21/06/2010

Initiative pour des impôts équitables – une nouvelle tonte de la classe moyenne

La semaine dernière, le Conseil national a refusé l’initiative populaire socialiste « pour des impôts équitables ». Un beau titre pour une belle tromperie et une atteinte sérieuse au fédéralisme. Je pense que c'est le meilleur résumé de ce texte qui a surtout pour but d'animer les campagnes électorales.

 

L'initiative prévoit d'instaurer des taux d'impôts cantonaux et communaux minimaux pour les revenus élevés (à partir de 250'000 francs de revenus imposables) et les grosses fortunes (dès 2 millions de francs de fortune imposable) ainsi que d'interdire des impôts dégressifs. Elle donne ainsi l’impression que seuls les hauts revenus seront touchés.

 

C’est purement et simplement un leurre! L’initiative conduit à revoir tout le barème pour éviter les effets de seuil en raison de la progressivité de l’impôt.

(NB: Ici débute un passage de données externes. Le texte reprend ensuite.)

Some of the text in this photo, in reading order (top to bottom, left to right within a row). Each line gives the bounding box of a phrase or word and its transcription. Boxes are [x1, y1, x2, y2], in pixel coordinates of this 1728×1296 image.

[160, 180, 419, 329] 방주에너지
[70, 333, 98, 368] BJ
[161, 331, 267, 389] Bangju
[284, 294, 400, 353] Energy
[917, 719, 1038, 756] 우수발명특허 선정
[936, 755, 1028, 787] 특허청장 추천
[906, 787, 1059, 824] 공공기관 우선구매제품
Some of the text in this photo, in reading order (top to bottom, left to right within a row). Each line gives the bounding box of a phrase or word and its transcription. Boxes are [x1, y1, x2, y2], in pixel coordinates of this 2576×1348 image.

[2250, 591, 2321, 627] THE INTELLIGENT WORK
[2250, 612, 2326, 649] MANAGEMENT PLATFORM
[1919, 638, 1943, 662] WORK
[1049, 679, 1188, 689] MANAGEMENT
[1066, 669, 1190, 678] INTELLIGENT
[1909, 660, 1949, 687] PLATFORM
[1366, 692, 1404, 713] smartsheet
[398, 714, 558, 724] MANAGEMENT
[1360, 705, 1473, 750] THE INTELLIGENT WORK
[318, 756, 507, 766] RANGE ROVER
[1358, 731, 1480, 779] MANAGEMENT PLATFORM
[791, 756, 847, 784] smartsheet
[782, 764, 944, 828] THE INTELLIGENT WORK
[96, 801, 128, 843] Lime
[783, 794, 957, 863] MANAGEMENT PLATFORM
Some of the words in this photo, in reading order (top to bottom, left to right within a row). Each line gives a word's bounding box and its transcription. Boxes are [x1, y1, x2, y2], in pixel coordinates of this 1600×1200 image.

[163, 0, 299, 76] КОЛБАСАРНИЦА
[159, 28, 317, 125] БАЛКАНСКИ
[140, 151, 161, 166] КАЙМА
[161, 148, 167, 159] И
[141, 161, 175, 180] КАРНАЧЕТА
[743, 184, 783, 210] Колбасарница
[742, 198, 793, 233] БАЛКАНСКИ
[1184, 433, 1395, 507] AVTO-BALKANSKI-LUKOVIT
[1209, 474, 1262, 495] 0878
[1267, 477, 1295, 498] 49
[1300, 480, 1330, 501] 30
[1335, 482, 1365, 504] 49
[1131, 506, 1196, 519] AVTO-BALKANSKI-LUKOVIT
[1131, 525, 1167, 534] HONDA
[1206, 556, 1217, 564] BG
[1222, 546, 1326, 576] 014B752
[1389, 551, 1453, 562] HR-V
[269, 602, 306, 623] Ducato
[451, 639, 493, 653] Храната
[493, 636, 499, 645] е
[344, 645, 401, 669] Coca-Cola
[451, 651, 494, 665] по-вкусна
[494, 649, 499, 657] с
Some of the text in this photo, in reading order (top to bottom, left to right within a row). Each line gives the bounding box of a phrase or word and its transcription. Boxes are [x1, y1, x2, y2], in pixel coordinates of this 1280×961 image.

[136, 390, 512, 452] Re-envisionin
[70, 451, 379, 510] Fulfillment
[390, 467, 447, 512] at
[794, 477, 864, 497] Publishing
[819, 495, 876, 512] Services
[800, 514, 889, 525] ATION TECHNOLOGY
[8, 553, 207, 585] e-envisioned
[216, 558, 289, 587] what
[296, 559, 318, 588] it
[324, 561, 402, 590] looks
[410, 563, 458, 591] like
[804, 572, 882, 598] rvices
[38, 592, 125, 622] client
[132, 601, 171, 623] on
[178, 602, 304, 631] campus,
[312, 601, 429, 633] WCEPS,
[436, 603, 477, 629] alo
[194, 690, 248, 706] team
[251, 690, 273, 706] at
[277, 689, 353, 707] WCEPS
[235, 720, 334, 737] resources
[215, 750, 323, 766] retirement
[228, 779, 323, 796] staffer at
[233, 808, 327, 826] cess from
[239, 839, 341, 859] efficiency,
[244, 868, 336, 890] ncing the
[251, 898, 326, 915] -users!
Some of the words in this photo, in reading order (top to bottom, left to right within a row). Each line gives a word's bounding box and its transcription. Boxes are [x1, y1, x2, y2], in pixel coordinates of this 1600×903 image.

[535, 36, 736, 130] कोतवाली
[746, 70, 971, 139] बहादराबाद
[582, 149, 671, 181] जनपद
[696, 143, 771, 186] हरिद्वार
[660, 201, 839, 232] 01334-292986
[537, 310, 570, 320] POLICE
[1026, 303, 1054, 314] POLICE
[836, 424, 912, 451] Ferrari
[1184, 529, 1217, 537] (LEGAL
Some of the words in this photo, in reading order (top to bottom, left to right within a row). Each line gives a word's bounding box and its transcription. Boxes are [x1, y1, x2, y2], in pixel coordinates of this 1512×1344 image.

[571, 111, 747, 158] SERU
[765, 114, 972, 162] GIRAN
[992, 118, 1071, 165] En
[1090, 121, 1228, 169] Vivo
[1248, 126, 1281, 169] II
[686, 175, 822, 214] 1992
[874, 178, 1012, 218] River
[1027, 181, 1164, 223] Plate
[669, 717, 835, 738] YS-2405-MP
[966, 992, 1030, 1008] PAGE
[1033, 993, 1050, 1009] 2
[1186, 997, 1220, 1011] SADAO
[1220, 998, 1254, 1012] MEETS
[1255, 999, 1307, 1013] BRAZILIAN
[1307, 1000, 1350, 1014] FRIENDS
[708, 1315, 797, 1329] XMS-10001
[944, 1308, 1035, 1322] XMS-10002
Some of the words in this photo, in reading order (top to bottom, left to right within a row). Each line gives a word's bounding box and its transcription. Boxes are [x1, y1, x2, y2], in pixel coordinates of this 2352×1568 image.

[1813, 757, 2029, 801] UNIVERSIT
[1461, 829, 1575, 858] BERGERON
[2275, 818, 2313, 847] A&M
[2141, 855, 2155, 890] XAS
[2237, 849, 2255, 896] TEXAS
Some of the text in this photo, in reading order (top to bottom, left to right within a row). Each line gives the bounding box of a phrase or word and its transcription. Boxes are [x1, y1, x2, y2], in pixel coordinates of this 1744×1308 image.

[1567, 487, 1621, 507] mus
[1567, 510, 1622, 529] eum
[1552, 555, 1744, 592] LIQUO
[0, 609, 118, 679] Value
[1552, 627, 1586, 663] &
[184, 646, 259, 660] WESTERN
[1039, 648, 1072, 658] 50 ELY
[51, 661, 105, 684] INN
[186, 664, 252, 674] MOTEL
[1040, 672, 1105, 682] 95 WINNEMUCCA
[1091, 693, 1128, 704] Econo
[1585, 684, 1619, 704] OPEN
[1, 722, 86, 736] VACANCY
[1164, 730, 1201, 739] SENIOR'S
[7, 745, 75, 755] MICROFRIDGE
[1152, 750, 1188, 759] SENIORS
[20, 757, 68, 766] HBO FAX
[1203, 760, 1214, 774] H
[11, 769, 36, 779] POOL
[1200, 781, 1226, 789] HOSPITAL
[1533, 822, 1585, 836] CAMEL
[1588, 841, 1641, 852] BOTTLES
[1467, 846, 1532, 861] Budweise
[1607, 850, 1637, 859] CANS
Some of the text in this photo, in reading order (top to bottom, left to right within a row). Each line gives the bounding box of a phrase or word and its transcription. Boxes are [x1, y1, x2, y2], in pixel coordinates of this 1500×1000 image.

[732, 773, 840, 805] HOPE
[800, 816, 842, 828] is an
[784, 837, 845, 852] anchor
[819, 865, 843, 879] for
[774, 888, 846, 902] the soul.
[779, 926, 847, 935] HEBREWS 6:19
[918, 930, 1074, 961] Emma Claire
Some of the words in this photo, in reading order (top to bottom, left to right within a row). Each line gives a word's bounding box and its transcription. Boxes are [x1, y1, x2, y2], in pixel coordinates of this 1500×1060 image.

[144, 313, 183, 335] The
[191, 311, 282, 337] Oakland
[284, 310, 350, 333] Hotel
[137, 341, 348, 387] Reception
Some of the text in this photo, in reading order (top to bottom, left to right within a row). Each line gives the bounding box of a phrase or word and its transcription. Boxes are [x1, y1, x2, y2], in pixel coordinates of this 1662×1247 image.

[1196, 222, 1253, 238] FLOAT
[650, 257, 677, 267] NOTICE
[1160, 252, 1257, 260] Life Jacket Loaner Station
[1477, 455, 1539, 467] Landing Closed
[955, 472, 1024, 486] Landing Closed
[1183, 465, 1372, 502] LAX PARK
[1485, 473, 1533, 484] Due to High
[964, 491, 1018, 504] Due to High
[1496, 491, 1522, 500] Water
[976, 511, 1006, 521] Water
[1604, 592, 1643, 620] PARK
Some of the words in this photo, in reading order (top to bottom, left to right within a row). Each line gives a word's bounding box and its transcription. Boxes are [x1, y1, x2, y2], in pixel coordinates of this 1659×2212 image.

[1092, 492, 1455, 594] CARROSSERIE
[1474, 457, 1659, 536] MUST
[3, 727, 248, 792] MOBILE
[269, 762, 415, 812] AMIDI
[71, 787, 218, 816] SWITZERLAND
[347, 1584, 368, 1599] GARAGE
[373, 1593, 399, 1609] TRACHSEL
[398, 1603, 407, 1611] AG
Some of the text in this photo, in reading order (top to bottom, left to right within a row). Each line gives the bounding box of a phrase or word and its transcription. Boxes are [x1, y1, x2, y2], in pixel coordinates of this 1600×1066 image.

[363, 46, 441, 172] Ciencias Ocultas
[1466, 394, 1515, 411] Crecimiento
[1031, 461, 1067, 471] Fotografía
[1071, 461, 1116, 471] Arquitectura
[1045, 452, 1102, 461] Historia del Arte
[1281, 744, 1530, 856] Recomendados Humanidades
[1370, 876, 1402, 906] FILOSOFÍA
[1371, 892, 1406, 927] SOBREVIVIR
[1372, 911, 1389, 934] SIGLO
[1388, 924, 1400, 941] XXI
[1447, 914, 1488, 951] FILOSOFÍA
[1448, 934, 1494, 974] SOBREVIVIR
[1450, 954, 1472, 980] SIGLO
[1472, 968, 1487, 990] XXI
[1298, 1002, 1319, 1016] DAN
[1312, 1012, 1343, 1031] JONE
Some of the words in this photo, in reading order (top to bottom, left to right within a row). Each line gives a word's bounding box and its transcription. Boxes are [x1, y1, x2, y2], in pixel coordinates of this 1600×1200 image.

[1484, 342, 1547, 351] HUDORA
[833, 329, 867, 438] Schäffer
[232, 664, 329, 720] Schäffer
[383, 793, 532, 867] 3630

Conséquences : les impôts sur le revenu et la fortune augmenteront tous les deux et pour tout le monde. C’est une nouvelle tonte de la classe moyenne qui nous attend! A titre d’exemple, d’après l’étude du Professeur Lars P. Feld, titulaire de la chaire d’économie publique de l’Université d’Heidelberg, « Une harmonisation fiscale matérielle est-elle nécessaire en Suisse? », la charge fiscale des Zougois irait jusqu’à doubler pour les revenus supérieurs à 120'000 francs!

 

A la suite de la loi sur l'harmonisation des impôts directs, les cantons ont gardé la capacité de fixer les taux et les barèmes des impôts. Cette initiative, comme on vient de le voir, remettrait totalement en cause ce principe et s'attaquerait surtout au fédéralisme, dont la concurrence fiscale est un des piliers.  Celle-ci reste la meilleure garantie que les deniers publics sont utilisés de manière efficiente pour fournir les prestations de l'État. Cette pression a permis, jusqu'à aujourd'hui, de maintenir en Suisse une fiscalité modérée en comparaison internationale. L'économie a ainsi pu se développer et permettre une substantielle hausse des recettes fiscales de la Confédération comme des cantons et des communes. L'initiative entraînerait une augmentation des impôts dans plus de la moitié des cantons, sans que ces derniers ne le demandent. Elle est définitivement inacceptable!